The day ended dreadfully with a too-long walk to the bus station.  Once there, it became very difficult to find out exactly where we could get on a bus to Ramat Bet Shemesh.  An indoor board listed buses and gates but we only saw the words Ramat Bet Shemesh in passing, while the board changed over after several buses departed.  C asked the person who sold us our tickets and she said vaguely "Outside."  Once outside the station, dozens of different kiosks listed bus numbers but we didn't see "417" anywhere.  Heading back in for a third time, passing through the metal detectors and over to the elevator, we literally ran into the caterer from Rafi's Bar Mitzvah.  He was on his way back to from the barbecue Meredith and David hosted for Rafi's school friends.  The caterer remembered us, the proud parents of the energetic-two-year-old whose main goal in life appeared to be toppling the tray of treats he'd carefully laid out.  He was kind, gracious and took us outside to physically point us to where we had to go.  It turned out the 417 bus left from a different street entirely and the kiosk wasn't marked.  We would have never found this bus had we not run into the caterer.  

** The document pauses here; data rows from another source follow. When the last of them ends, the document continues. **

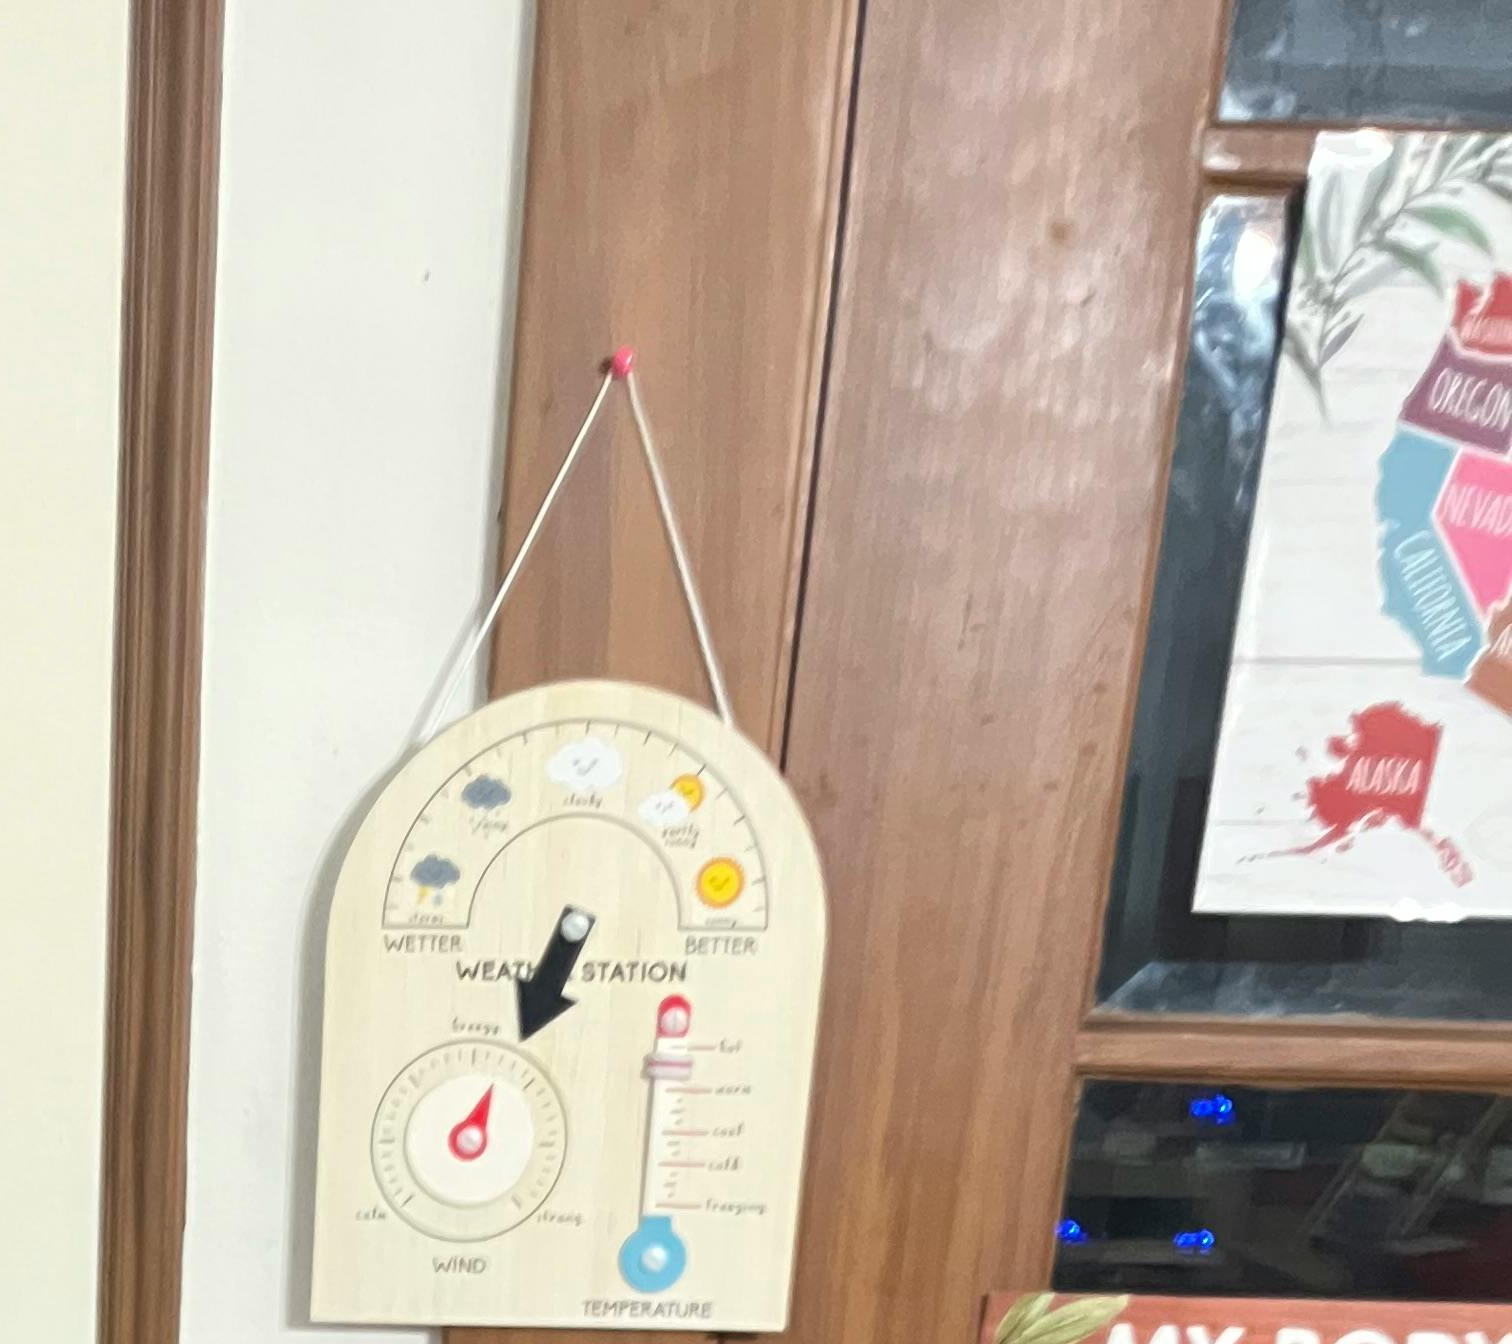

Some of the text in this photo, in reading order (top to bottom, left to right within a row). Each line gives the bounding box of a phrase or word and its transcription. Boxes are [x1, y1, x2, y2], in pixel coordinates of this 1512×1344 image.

[1394, 529, 1472, 663] CALIFORNIA
[1346, 757, 1423, 793] ALASKA
[384, 935, 463, 953] WETTER
[685, 937, 757, 955] BETTER
[583, 962, 687, 982] STATION
[432, 1257, 486, 1274] WIND
[583, 1300, 713, 1318] TEMPERATURE
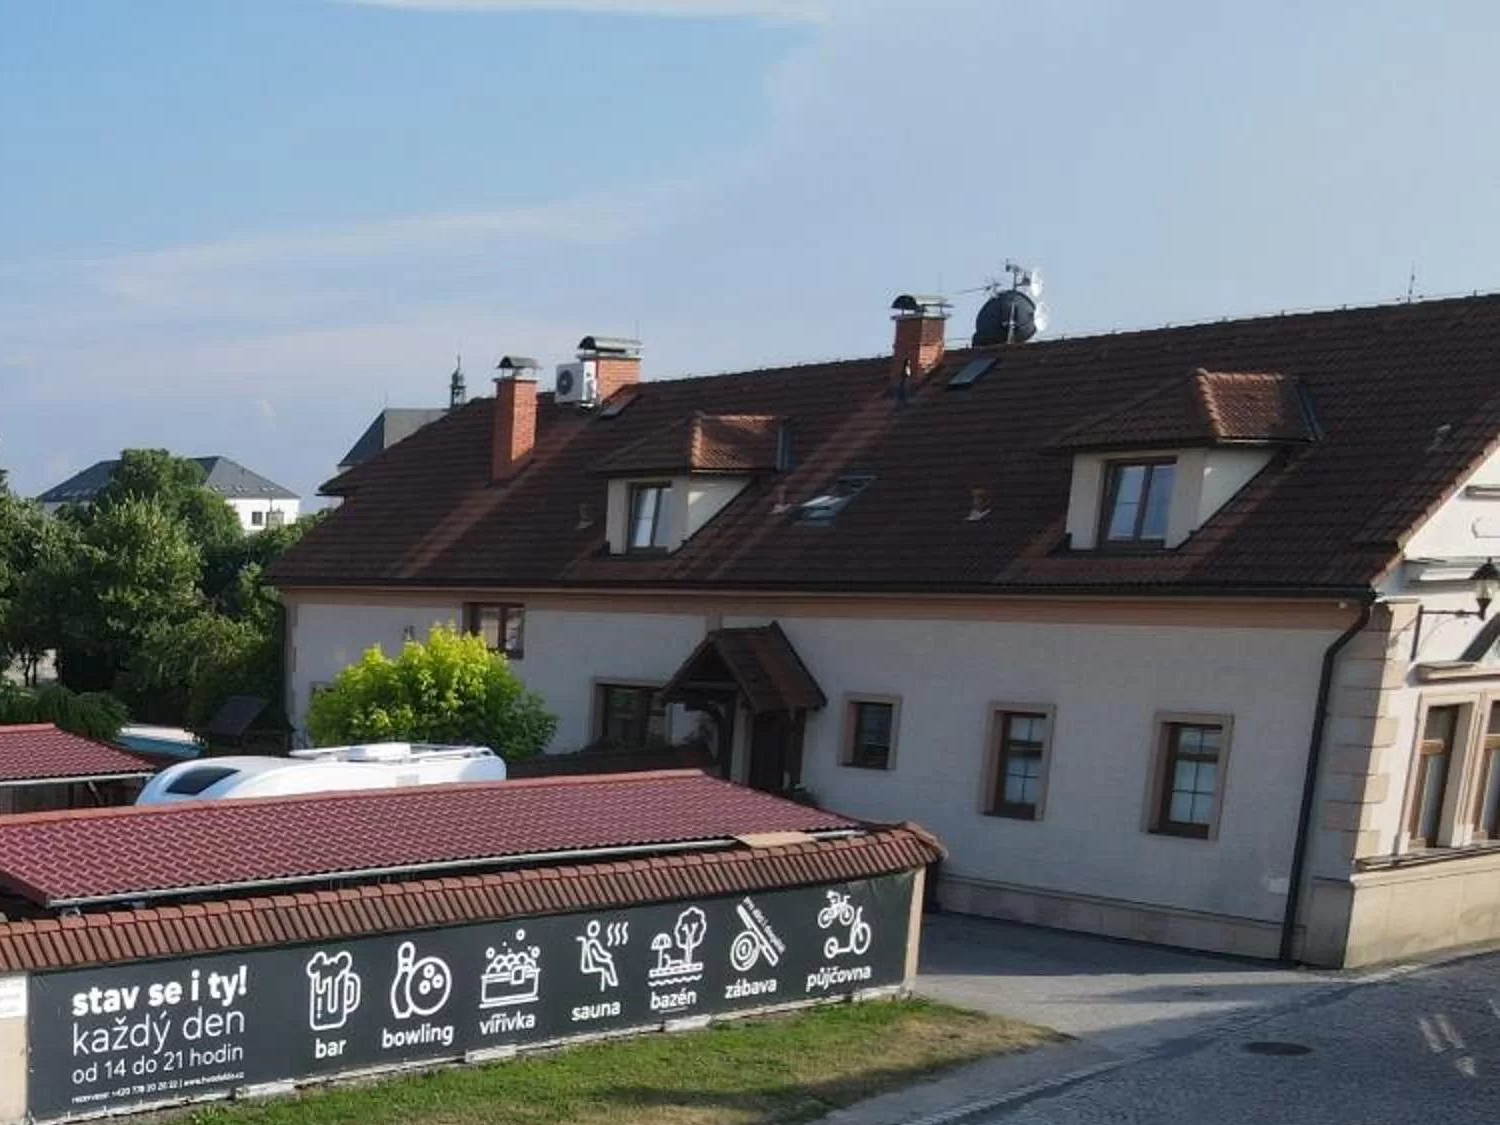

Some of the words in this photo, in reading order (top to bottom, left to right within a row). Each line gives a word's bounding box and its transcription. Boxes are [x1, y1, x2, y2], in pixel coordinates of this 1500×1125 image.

On the bus, C and I sat separately, not because we had to, the bus was simply too crowded.  C was relieved by this turn of events.  He'd put up with my grumpy, nasty, "I hate this place" all day.  He was done with me and I was done with Israel.  I handed Eliza to him and sat back, hoping the trip home wouldn't feel as long as the trip into the city.  Eliza chattered happily on the seat behind me and eventually came up to sit with me.  She pointed to the woman seated beside me who was reading and highlighting a book written in Hebrew.  "Mama, is that your friend?" she asked,  "Is that girl your friend?" 

The woman, a black woman I would guess to be in her mid-forties, smiled and responded positively to my noisy and all-too-active daughter.  She spoke perfect English and I found myself seriously wondering who she was and what was she doing in this place.  She asked Eliza her name, Eliza told her and then asked the woman's name.

"This is a tough one," the woman said.  "LeGott."  

After a few attempts, Eliza only seemed capable of saying "Gott."  The woman smiled and got off.

"Where's Gott going?"  Eliza asked.  "She going to see her Mama?"

I explained to Eliza that LeGott had to get off the bus, that this dark street in the middle of who knows where, must be where she lives.  But of course I have no idea.

To this day, whenever Eliza sees a bus she asks about Gott and then says "She went to see her Mama!"

I think we would still be wandering around that bus station in Jerusalem had we not run into Meredith's caterer.  Meredith loved this story and told me that there's always stories like this when people visit Jerusalem.  That it's the kind of city that elicits events that seem to be orchestrated by a higher power.

I suppose that's one way to look at it but since I am a bit of a non-believer, I just see it as damn lucky.